Let’s unpack how the legacy of the slave trade has made it from the early music of African slaves to genres that have become “as American as apple pie.”

Slave Songs/Spirituals

One of the main casualties of slavery was language. Africa is a continent rich with many different countries, cultures, traditions, and languages. Most of the slave population that was taken across the Atlantic Ocean between the 17th and 19th centuries came from West Africa, and that region alone is just as diverse as all of Europe. So when the first African slaves arrived on American soil, many of them could not communicate with each other. Families and people from the same region were also separated, on purpose, so that ethnic and tribal communication would be even further limited amongst the slave population.

Because slaves were often prohibited from practicing traditional religions and customs from back home, new languages and dialects were created in the New World to hide elements of culture and communicative devices from their captors. These elements from African culture were able to subversively survive through music, among other ways.

Early slave songs known as spirituals were adaptations of the hymns that new slaves were taught during Sunday worship. One of the most interesting paradoxes of slavery was that despite the blatant cruelty of this dehumanizing practice, there was still an insistence that slaves worshiped “God” and become Christian. On most plantations in the American South, Sundays were considered a day of rest and slaves were allowed time to study scripture, learn about the Lord, and practice worship. This meant that Africans were allowed to play music, sing songs, and commune.
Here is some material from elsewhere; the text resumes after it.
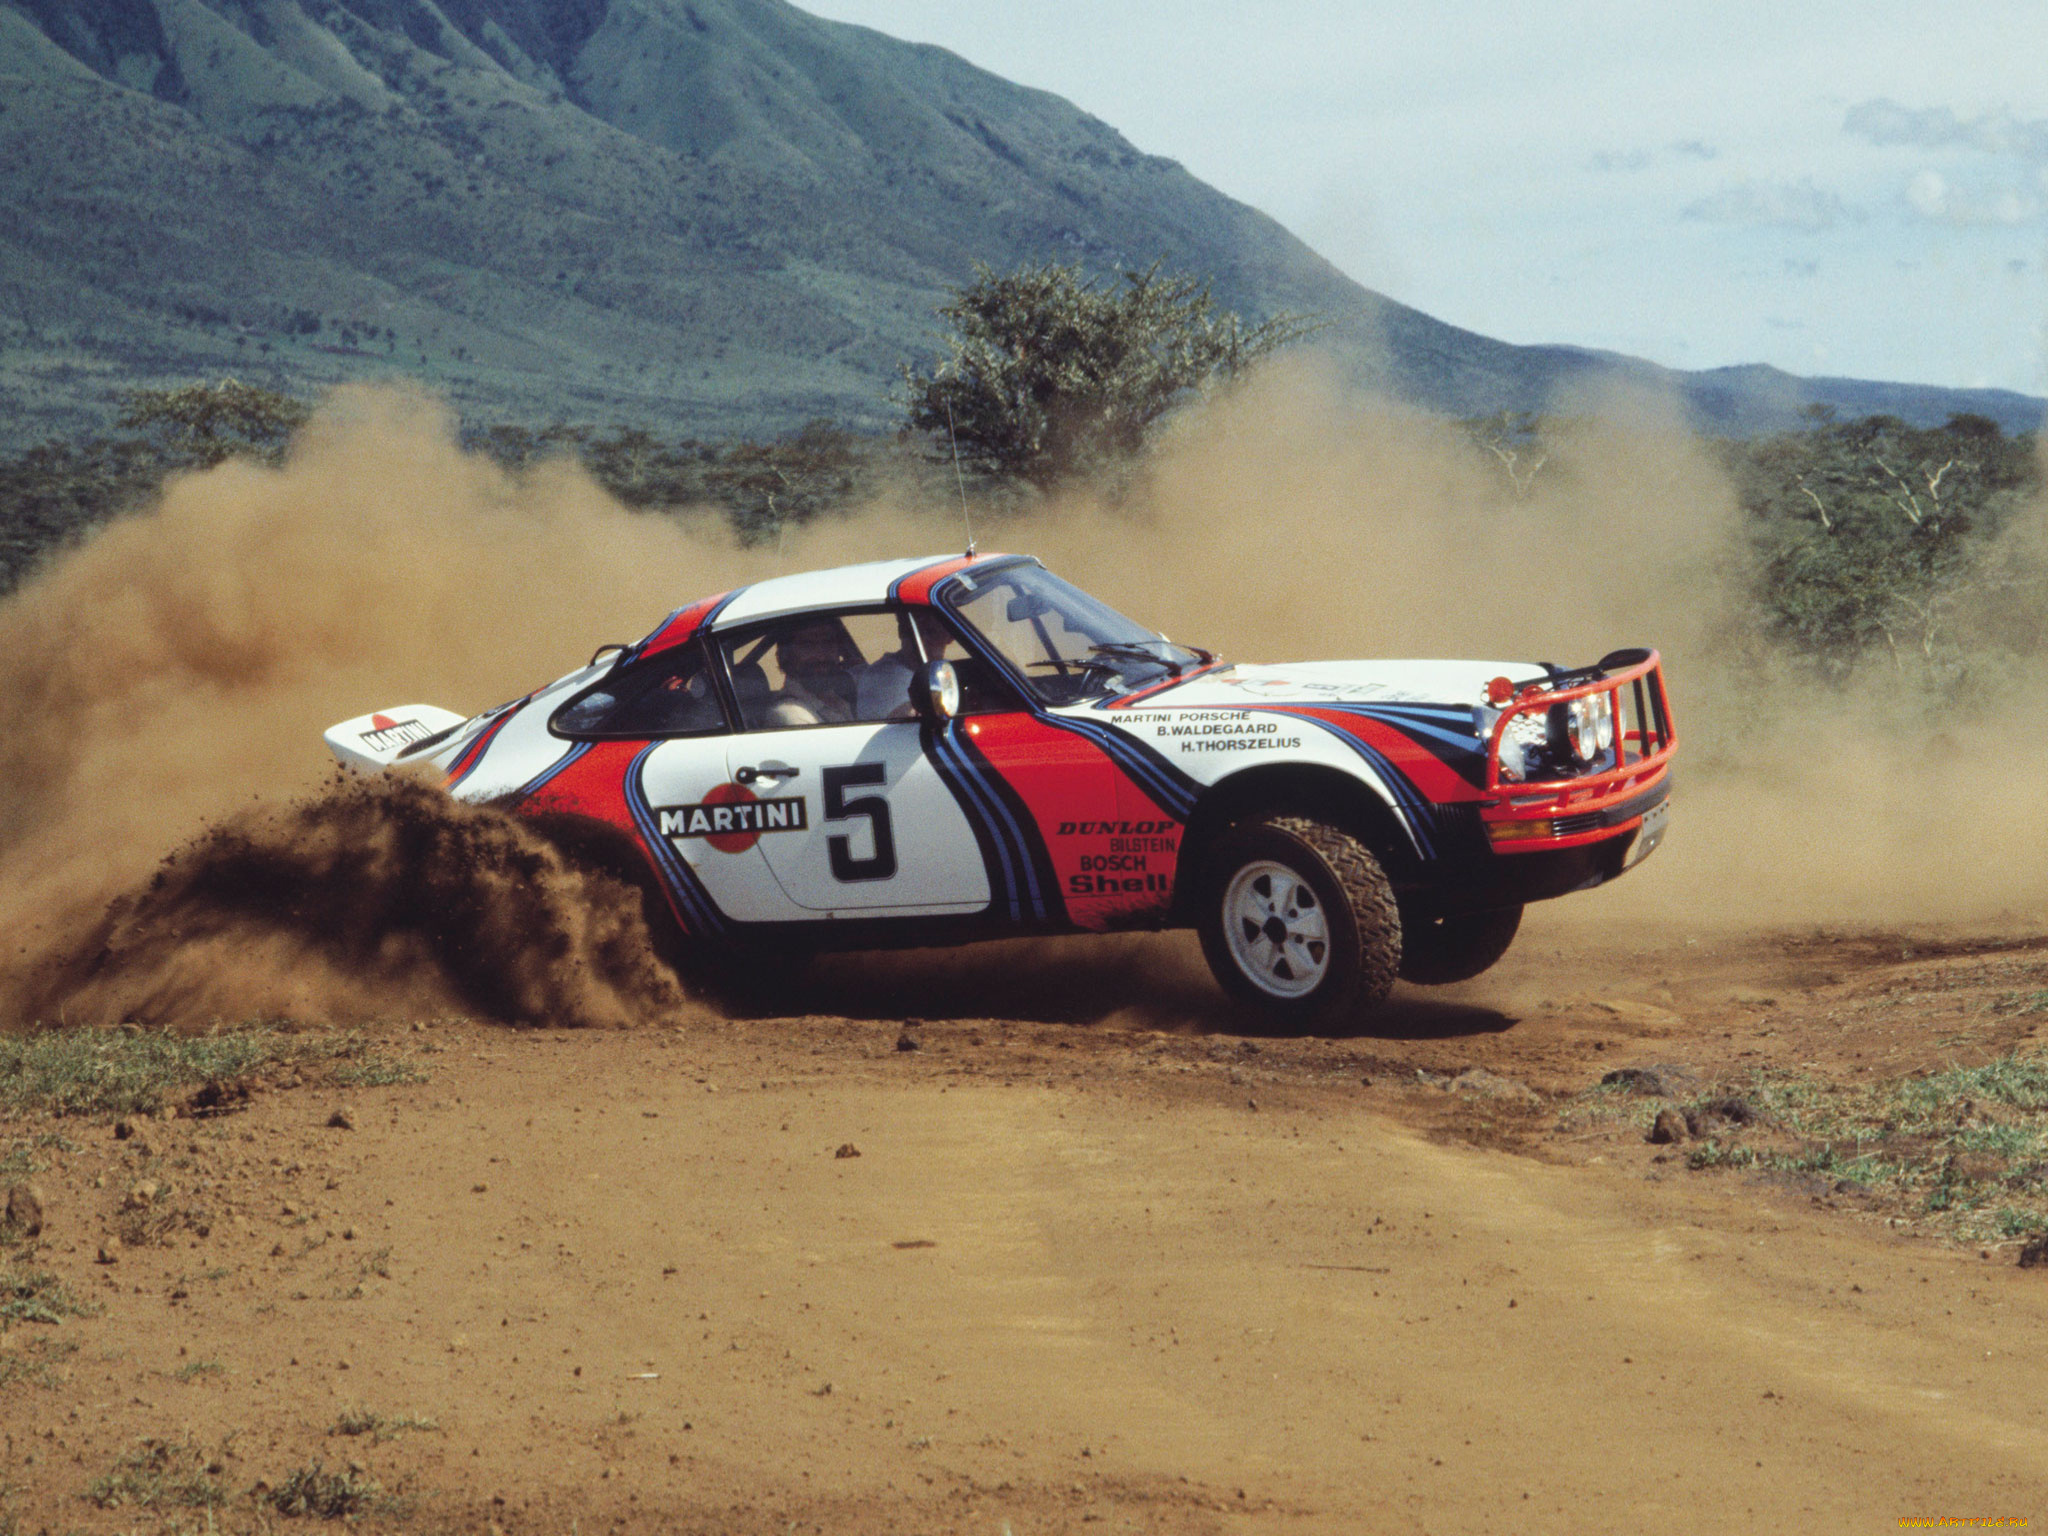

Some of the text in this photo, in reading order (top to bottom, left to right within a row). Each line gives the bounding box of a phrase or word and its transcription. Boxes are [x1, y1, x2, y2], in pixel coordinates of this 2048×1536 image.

In places like Congo Square in New Orleans, slaves made use of this allowance to play the drums. And although this may seem like a minor detail, the rhythms and songs they learned and taught each other would go on to lay the foundations for so much of modern gospel music, let alone spread across New Orleans and the rest of the South to influence delta blues, jazz, and swing.

Singing hymns during Sunday worship was one of the few moments slaves were able to express themselves freely. As more of the population began to adopt Christianity, slaves were allowed to sing these songs while they worked, and stories of their lived reality began to seep into the narratives. Tales of freedom and salvation, their current plight mixed with a religious sensibility, forged together to create new spiritual songs to teach younger generations how to escape this earthly nightmare — in some cases, very literally.

A great example of this can be found in the song “Follow the Drinking Gourd” below.

Although there are many different interpretations of this spiritual song, many believe that it was used as an instruction for runaway slaves to escape to the North, disguised as a biblical story. The drinking gourd refers, of course, to a literal gourd used to gather water, but was also used as a code to follow the Big Dipper constellation which points to the North Star. Many of the other lyrics speak of specific places to run to, and how to travel there.

It is even believed that Harriet Tubman used songs like this to help guide runaway slaves on the Underground Railroad. The legacy of “Follow the Drinking Gourd” extends beyond the 19th century, and has been performed by artists as diverse as Taj Mahal and John Coltrane, whose “Song of the Underground Railroad” is based on the melody of this song.

“Wade in the Water”

“Wade in the Water” was first published officially in 1901, but it’s been around for much longer. Scholars believe that this song was used to transmit secret codes to runaway slaves. Wading in the water referred to instructions to hide in the water and leave the main trails, so as to evade the search dogs. Metaphorically, though, water is a symbol of rebirth and transformation in Christianity and other religions. The song also makes reference to the Israelites who famously crossed the Red Sea to escape their own bondage in the biblical story of Exodus.

“Wade in the Water” has made an imprint on pop culture and has been covered by a wide range of artists including The Staple Sisters, Ramsey Lewis, Eva Cassidy, Billy Preston, and more. In my opinion, its popularity is a testament to the transcendental nature of the song’s meaning and melody: a haunting call to be still and wait in the face of impending danger, which is a sentiment with which many generations of Americans can identify.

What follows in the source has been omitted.